Work instructions
An exact retyping of all lines below is the answer; pictures do not belong in it.

Data in this exercise
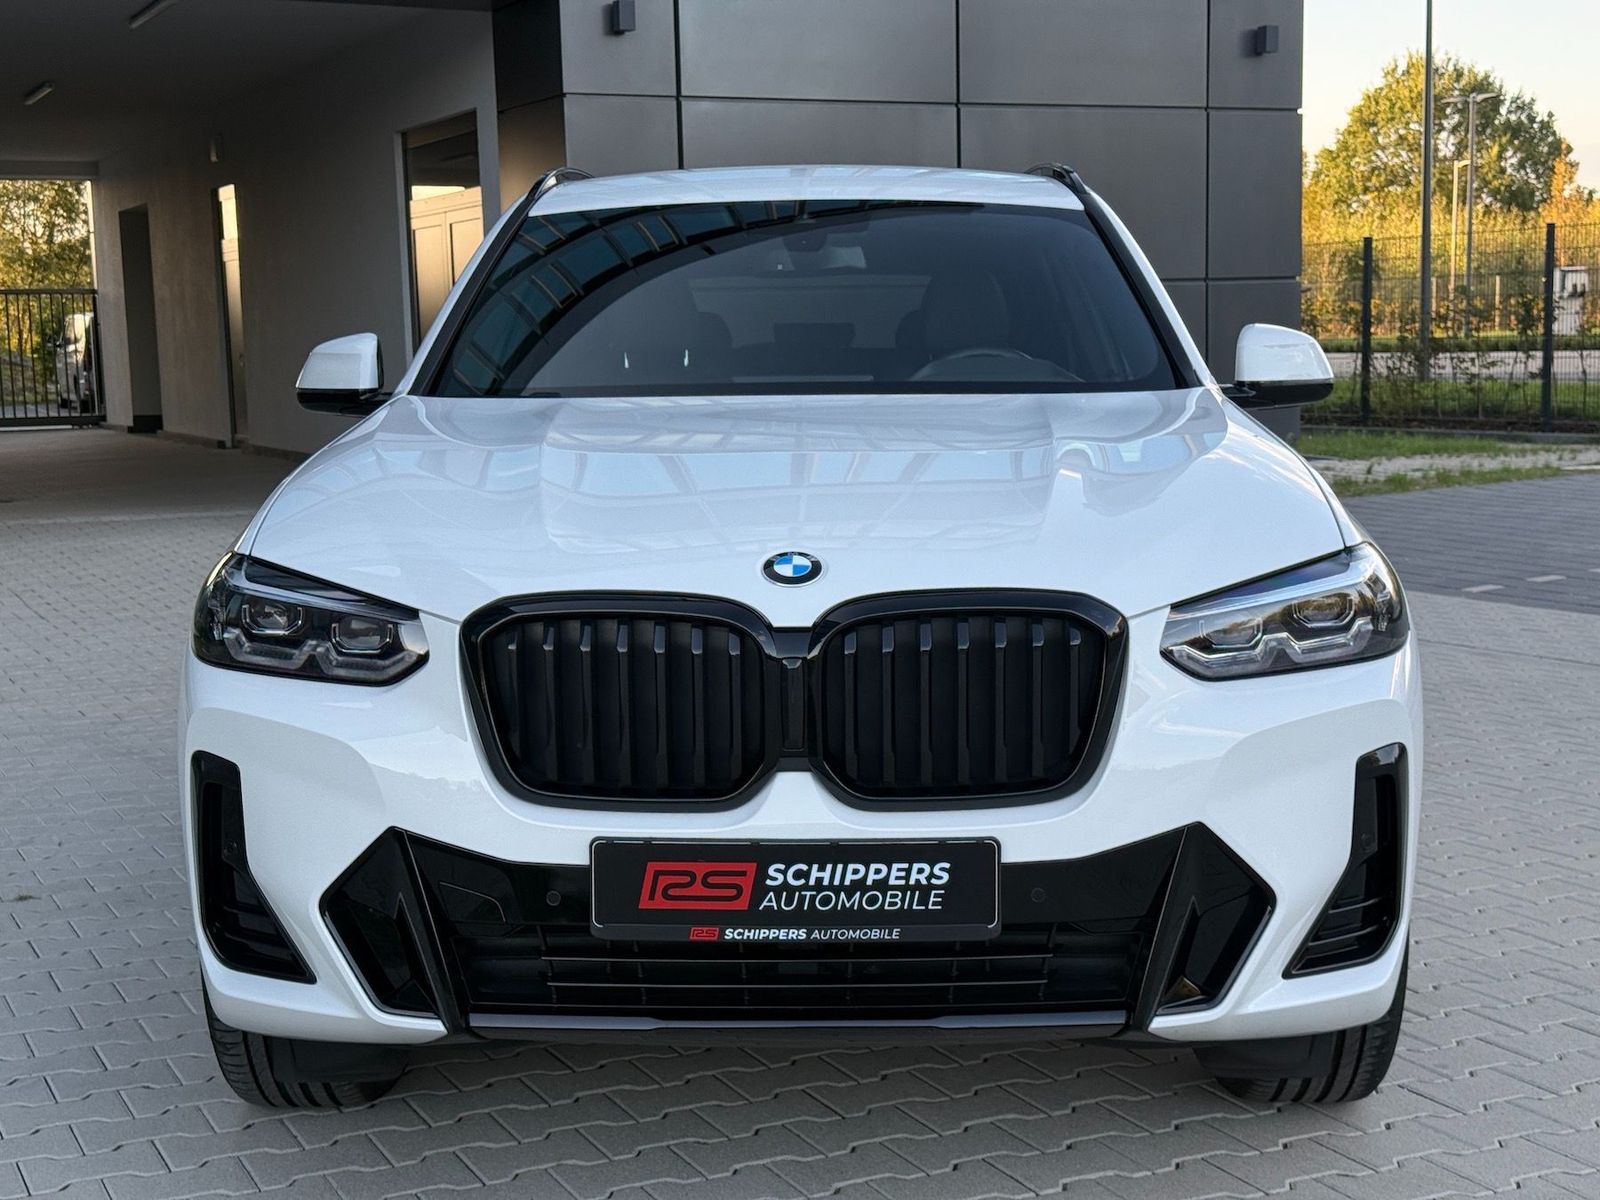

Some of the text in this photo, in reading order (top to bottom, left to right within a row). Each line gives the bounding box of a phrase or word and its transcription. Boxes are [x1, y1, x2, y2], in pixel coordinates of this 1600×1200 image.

[765, 862, 951, 886] SCHIPPERS
[647, 868, 750, 903] RS
[758, 890, 945, 911] AUTOMOBILE
[724, 928, 807, 941] SCHIPPERS
[810, 928, 901, 940] AUTOMOBILE
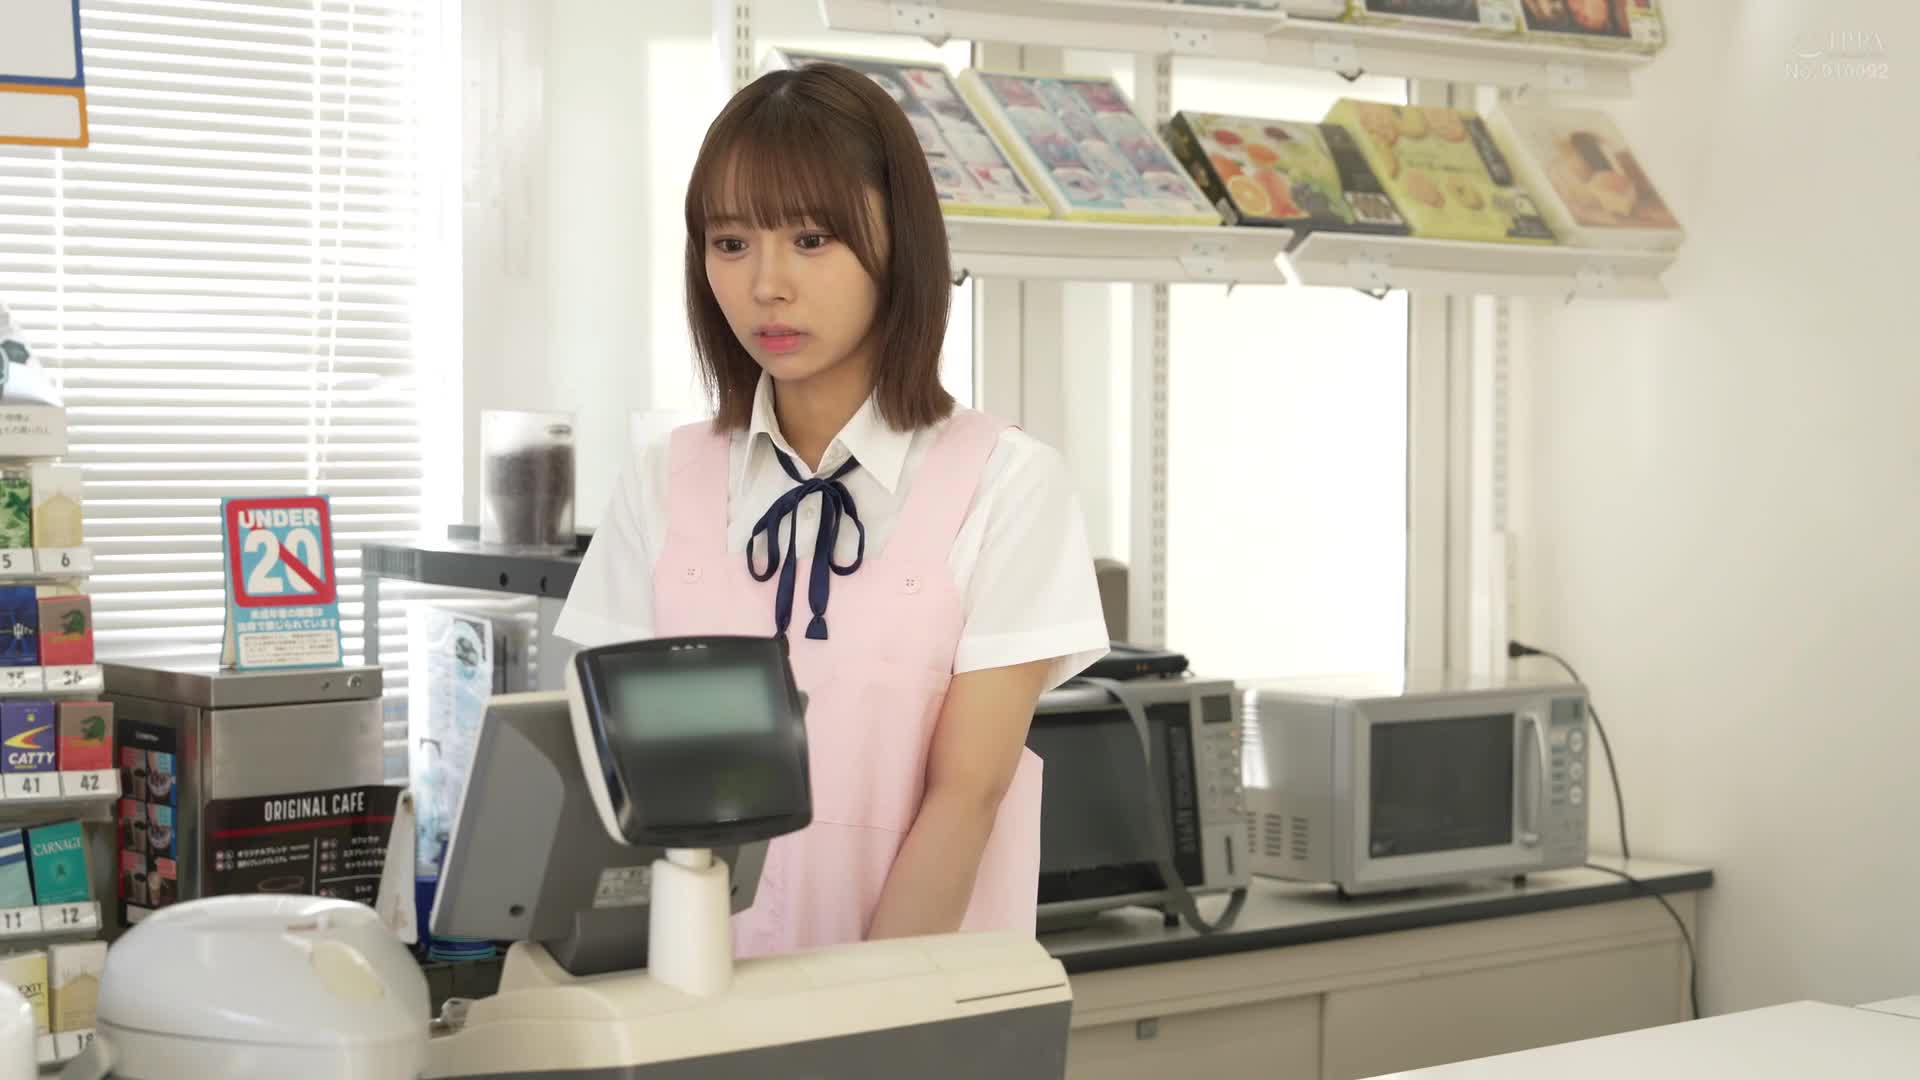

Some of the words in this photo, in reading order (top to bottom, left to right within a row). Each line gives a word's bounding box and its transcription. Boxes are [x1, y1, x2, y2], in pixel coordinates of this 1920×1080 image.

[238, 508, 319, 528] UNDER
[3, 553, 12, 568] 5
[61, 553, 70, 567] 6
[244, 527, 321, 593] 20
[8, 752, 55, 765] CATTY
[22, 777, 40, 793] 41
[80, 775, 99, 791] 42
[264, 796, 328, 822] ORIGINAL
[332, 791, 365, 814] CAFE
[33, 837, 81, 857] CARNAGE
[5, 913, 22, 929] 11
[61, 907, 79, 924] 12
[17, 983, 42, 993] EXIT

Solution for this task
Some of the text in this photo, in reading order (top to bottom, left to right within a row). Each line gives the bounding box of a phrase or word and its transcription. Boxes are [x1, y1, x2, y2], in pixel coordinates of this 1600×1200 image.

[765, 862, 951, 886] SCHIPPERS
[647, 868, 750, 903] RS
[758, 890, 945, 911] AUTOMOBILE
[724, 928, 807, 941] SCHIPPERS
[810, 928, 901, 940] AUTOMOBILE

Some of the words in this photo, in reading order (top to bottom, left to right within a row). Each line gives a word's bounding box and its transcription. Boxes are [x1, y1, x2, y2], in pixel coordinates of this 1920×1080 image.

[238, 508, 319, 528] UNDER
[3, 553, 12, 568] 5
[61, 553, 70, 567] 6
[244, 527, 321, 593] 20
[8, 752, 55, 765] CATTY
[22, 777, 40, 793] 41
[80, 775, 99, 791] 42
[264, 796, 328, 822] ORIGINAL
[332, 791, 365, 814] CAFE
[33, 837, 81, 857] CARNAGE
[5, 913, 22, 929] 11
[61, 907, 79, 924] 12
[17, 983, 42, 993] EXIT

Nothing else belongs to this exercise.